Informative and, at times, tremendously engaging.
Movie Review #1,007


Magnolia Pictures
1 hour, 27 minutes
Rated R (some sexual content/nudity and language)
Released July 31, 2015
Directed by Robert Gordon and Morgan Neville
Co-writers: Robert Gordon and Morgan Neville

I’ve always considered the ’60s my favorite period of American history. Kennedy, the Cuban missile crisis, Bay of Pigs, the moon landing, Medicare, Medicaid, counterculture, and yada yada yada. Of course I was born three decades later, so my vision of the ’60s comes entirely from history textbooks, but if there’s any one reason at all that I wish I were fifty years older, it’d be so that I could’ve experienced the 1960s as a young adult just beginning to learn about politics and the world around him in that sense. I’d imagine the ’60s would have been a fascinating time to live through at that age.

I’ve held to my love for the ’60s over any other decade for quite some time. I don’t know everything though, and I’m surprised by a lot of what I don’t know. One of those events I just was never unaware of, were the Buckley-Vidal debates. I’d heard of Vidal only because his name appeared in the title of a Netflix documentary. I had no clue he was, though, and I hadn’t even heard of Buckley, until I watched “Best of Enemies”.

I know a lot more about both individuals now. “Best of Enemies” is informative, and for that, it is very engaging. Granted, it doesn’t go much beyond the point of providing information, but still, it’s a gripping documentary. I suppose that’s all that truly matters, anyway.

What makes the movie such a watch is the complex profiles that are revealed of the two titular men, naturally, through interviews. Gore Vidal was an author and a screenwriter. He earned his fame for Myra Breckinridge, and notoriety for “Caligula”–the former being perhaps the first novel to frankly discuss homosexuality, and the latter being one of the most infamously sexually explicit movies ever made. Vidal was openly gay, but he believed that people should not identify as homosexual or heterosexual.

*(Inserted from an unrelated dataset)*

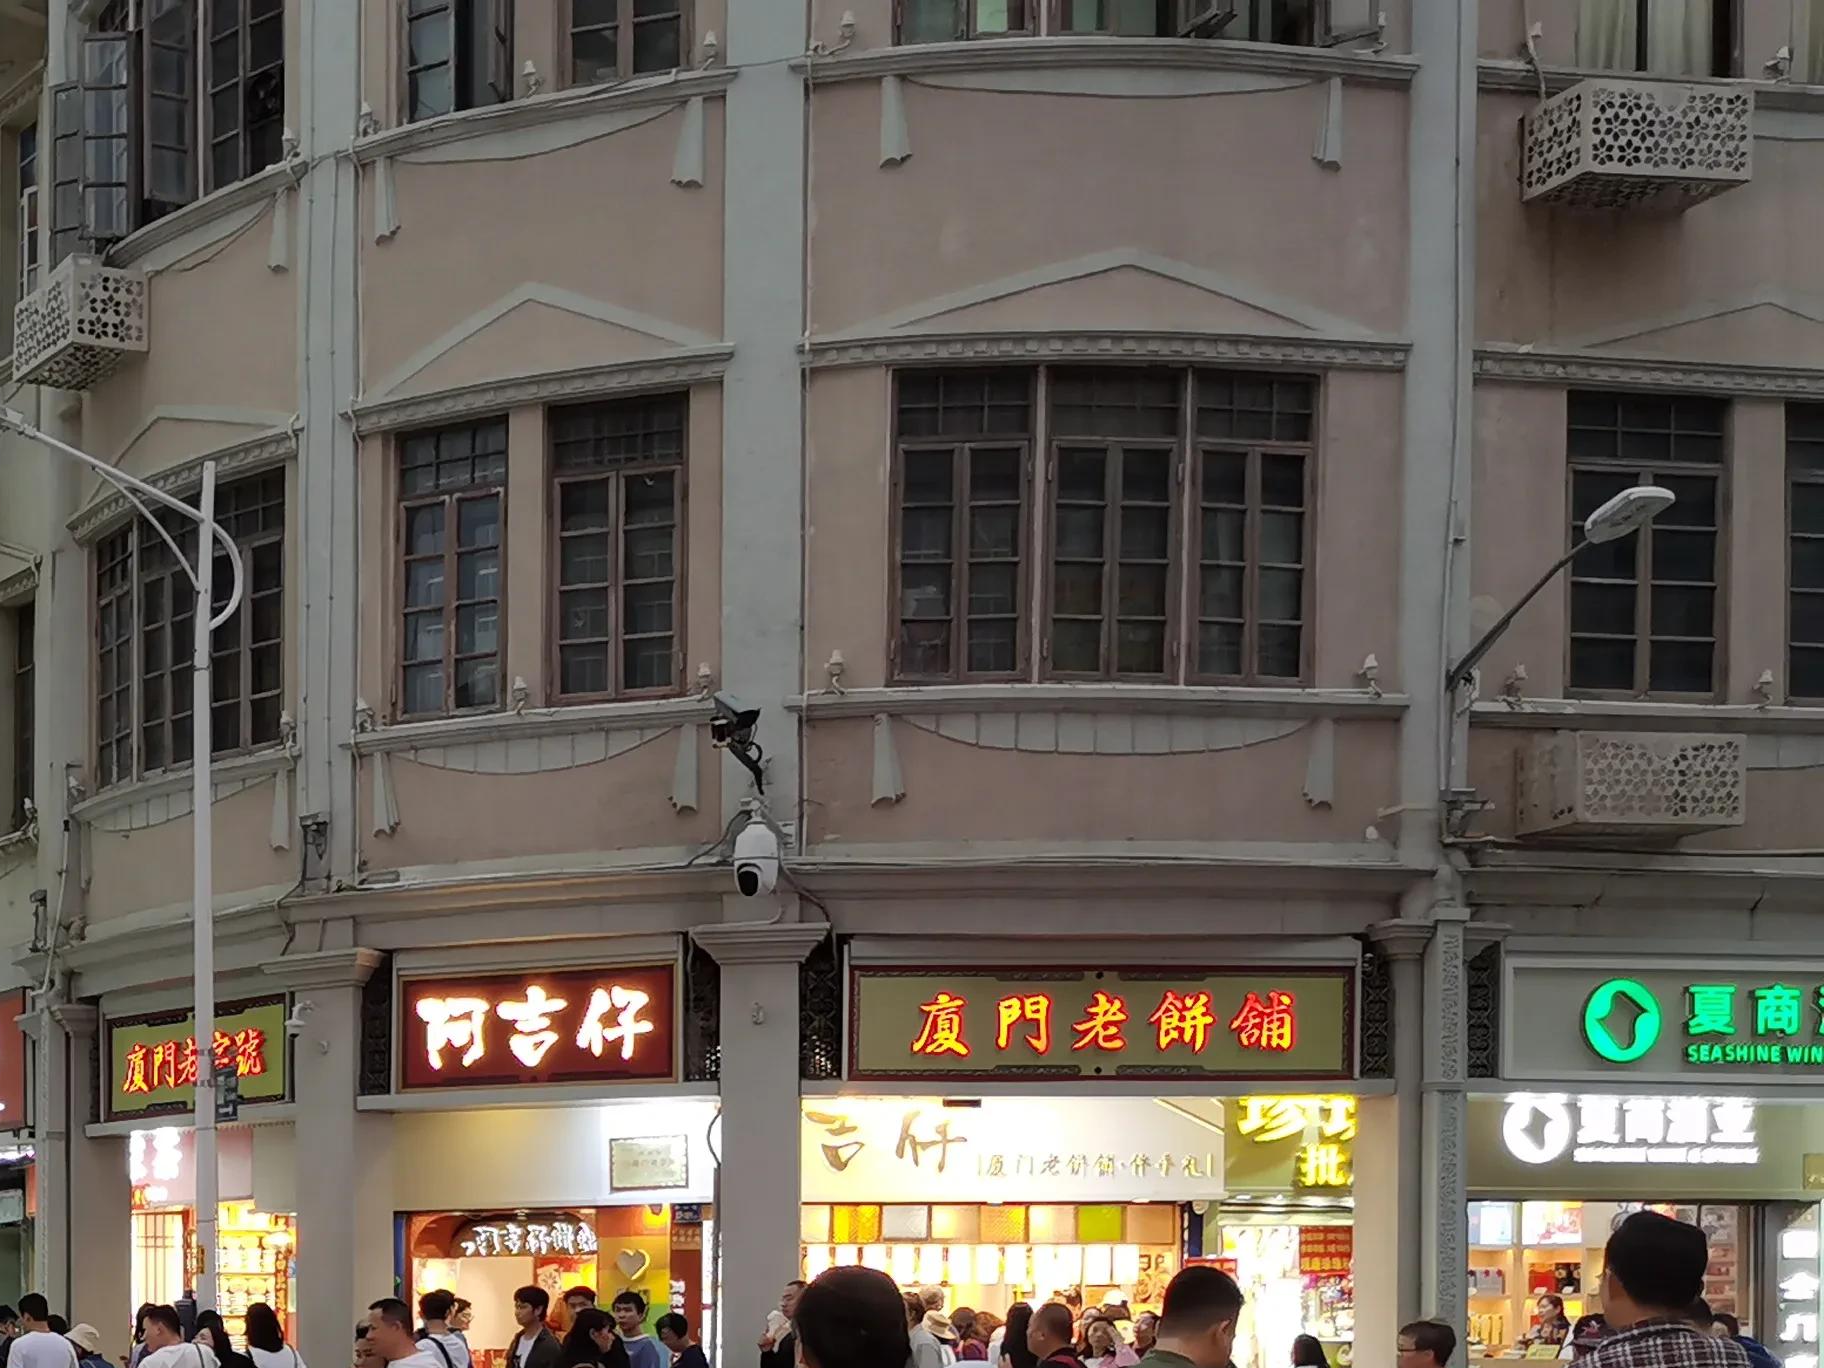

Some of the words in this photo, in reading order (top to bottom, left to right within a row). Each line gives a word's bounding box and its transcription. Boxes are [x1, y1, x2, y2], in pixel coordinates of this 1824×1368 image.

[417, 984, 654, 1070] 阿吉仔
[1685, 983, 1824, 1037] 夏商
[1687, 1043, 1782, 1065] SEASHINE

He was also a political journalist; you could probably guess which of the two major American parties he supported. It’s curious that William F. Buckley, Jr. came from a similar upbringing–wealthy family, boarding school, and beyond–but somewhat unsurprising that he’d be different in just about every way. It’s as if God created these two men to be antitheses of one another. It’s not just one’s liberal, one’s conservative; it was even frivolous details, like their height, that seemed to be in great contrast. In fact, the first thing I noticed was how tall Vidal was and how short Buckley was.

Buckley and Vidal despised each other so much that they thought each other to be the poison that could destroy America if given the opportunity. Forget the interviews that reflect on who they were and how they thought–it’s the footage of their debates in 1968, right around the time of the DNC and the RNC, that hits home. “Best of Enemies” is a documentary, but I’m still going to apply the word “tour-de-force” here. I was absolutely hooked. It’s rather ironic that these bits of footage–essentially scenes in the film, with pacing that completely rejects that of the rest of the film–are what fascinate more than anything else. We could watch these two bicker like children for hours, and it does get pretty exciting. There’s even a climactic gasp that holds for at least five minutes, as we hear Buckley’s controversial “sock you in the goddamn face” remark to Vidal. It feels as if we’re watching it on live, national television.

“Best of Enemies” does well engaging us by means of presenting us fascinating profiles and intriguing debate footage. I just wish it had something more to offer. Had I known the intrigue would lie solely in those two elements, I might have done a Wikipedia search on Buckley and Vidal, and watched the debate videos on YouTube.